──────── TASK MATERIAL

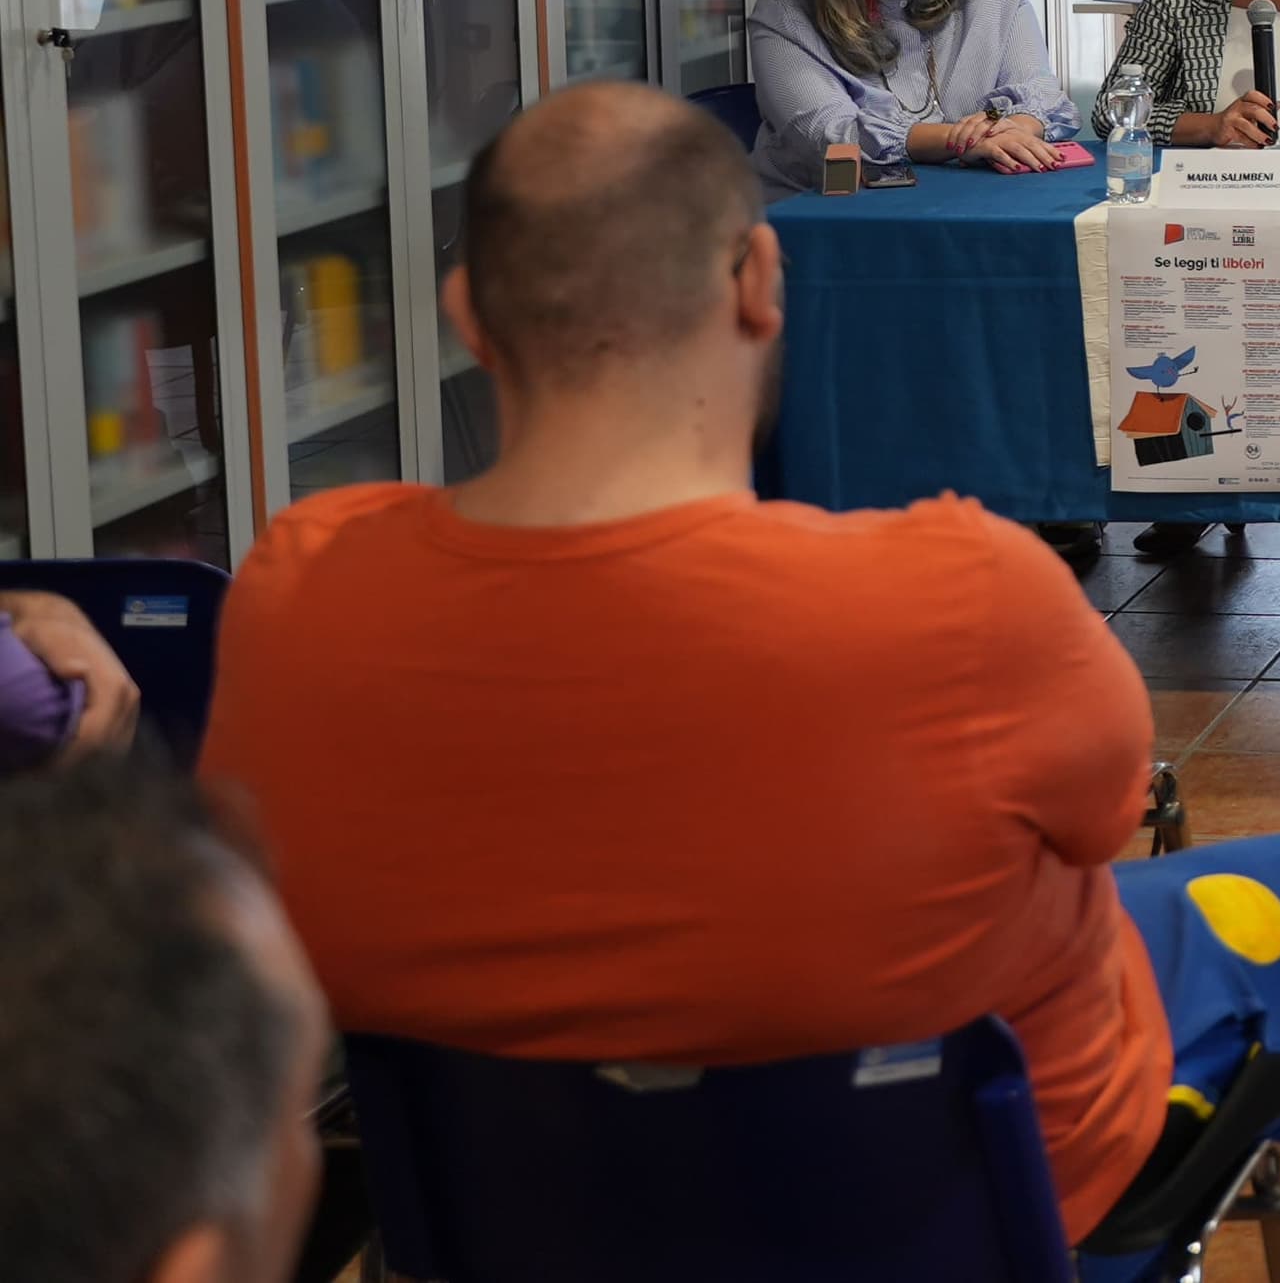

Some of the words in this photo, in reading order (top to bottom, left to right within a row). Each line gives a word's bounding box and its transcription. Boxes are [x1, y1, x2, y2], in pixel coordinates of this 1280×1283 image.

[1187, 173, 1218, 182] MARIA
[1220, 172, 1274, 182] SALIMBENI
[1154, 256, 1171, 268] Se
[1174, 256, 1208, 271] leggi
[1210, 257, 1220, 269] ti
[1222, 258, 1265, 270] lib(e)ri
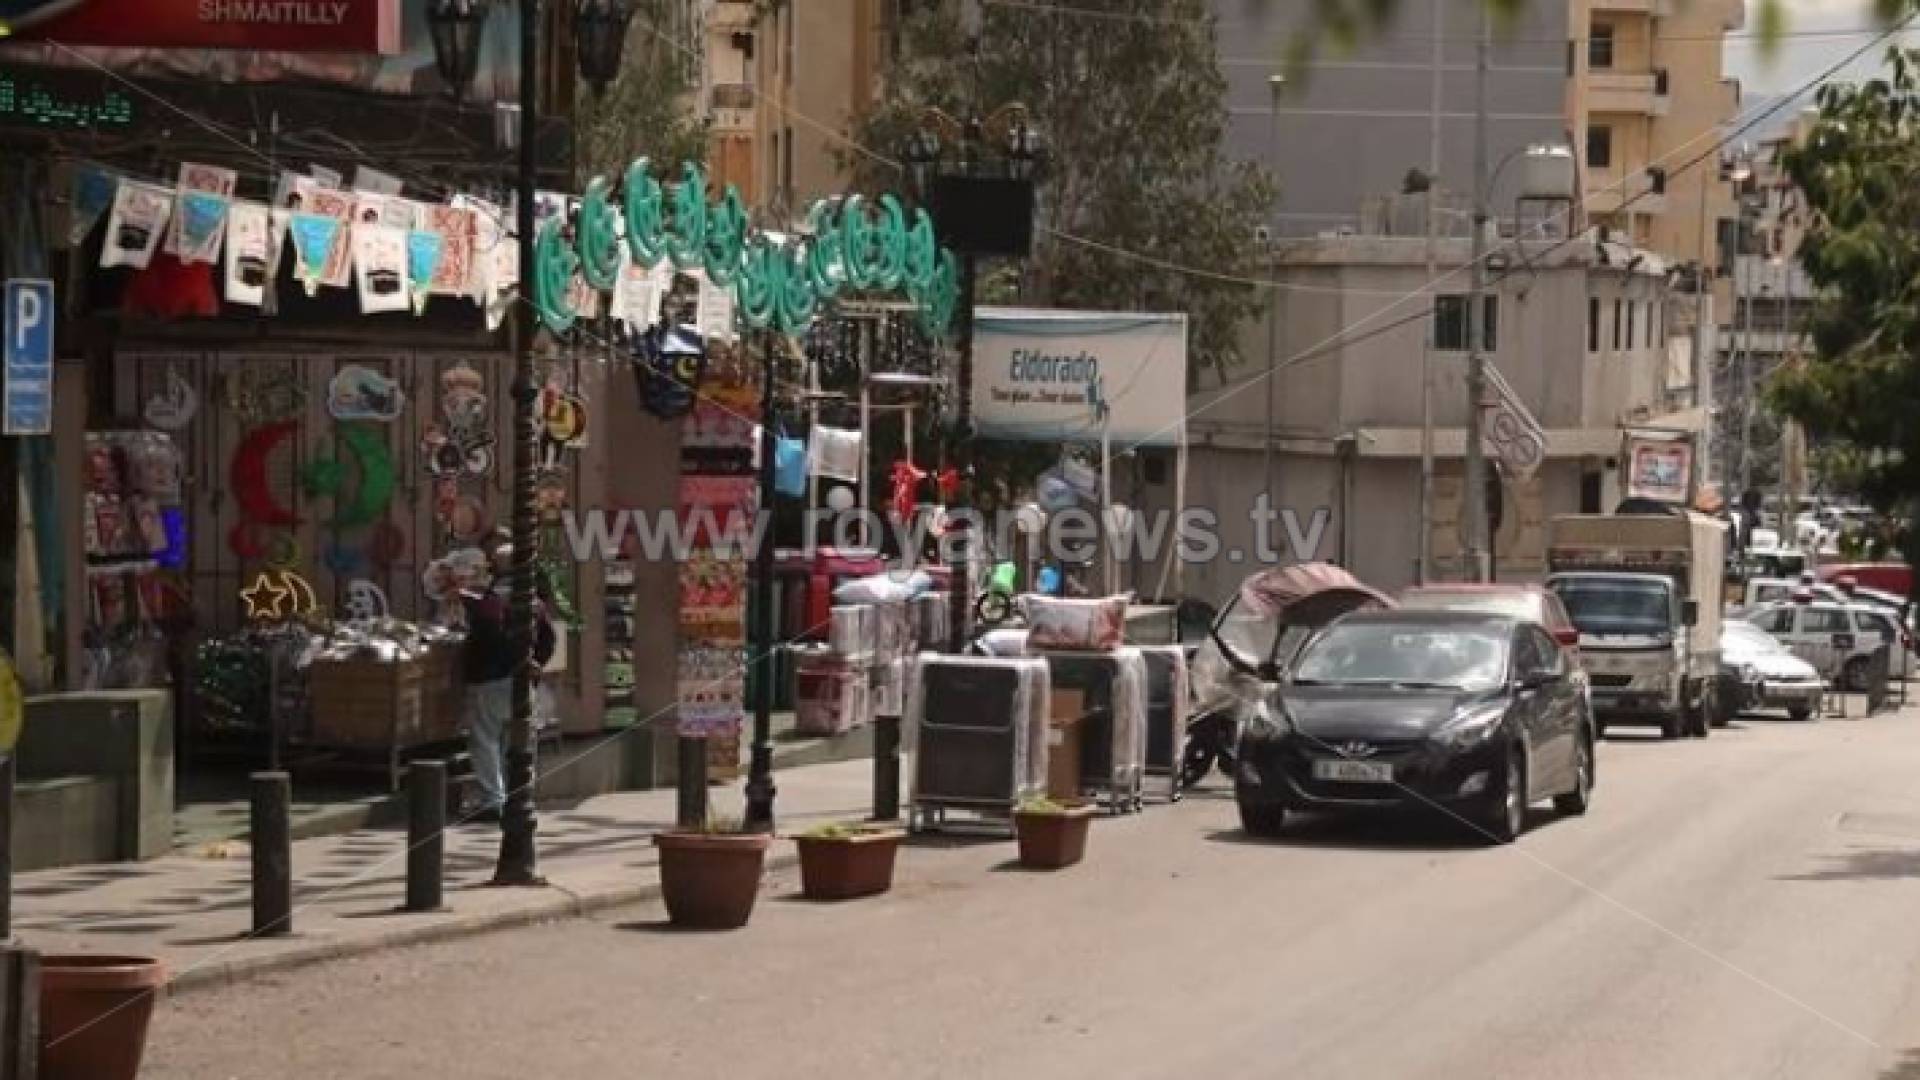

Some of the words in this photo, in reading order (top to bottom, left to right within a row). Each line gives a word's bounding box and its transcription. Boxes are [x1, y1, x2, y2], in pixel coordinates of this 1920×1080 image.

[199, 1, 349, 24] SHMAITILLY
[18, 288, 41, 348] P
[1010, 349, 1096, 382] Eldorado

────────────────

§ EXERCISE OBJECTIVE
Return the entries verbatim, pictures excluded.

§ WRITTEN SOLUTION
Some of the words in this photo, in reading order (top to bottom, left to right within a row). Each line gives a word's bounding box and its transcription. Boxes are [x1, y1, x2, y2], in pixel coordinates of this 1280×1283 image.

[1187, 173, 1218, 182] MARIA
[1220, 172, 1274, 182] SALIMBENI
[1154, 256, 1171, 268] Se
[1174, 256, 1208, 271] leggi
[1210, 257, 1220, 269] ti
[1222, 258, 1265, 270] lib(e)ri

Some of the words in this photo, in reading order (top to bottom, left to right within a row). Each line gives a word's bounding box and its transcription. Boxes are [x1, y1, x2, y2], in pixel coordinates of this 1920×1080 image.

[199, 1, 349, 24] SHMAITILLY
[18, 288, 41, 348] P
[1010, 349, 1096, 382] Eldorado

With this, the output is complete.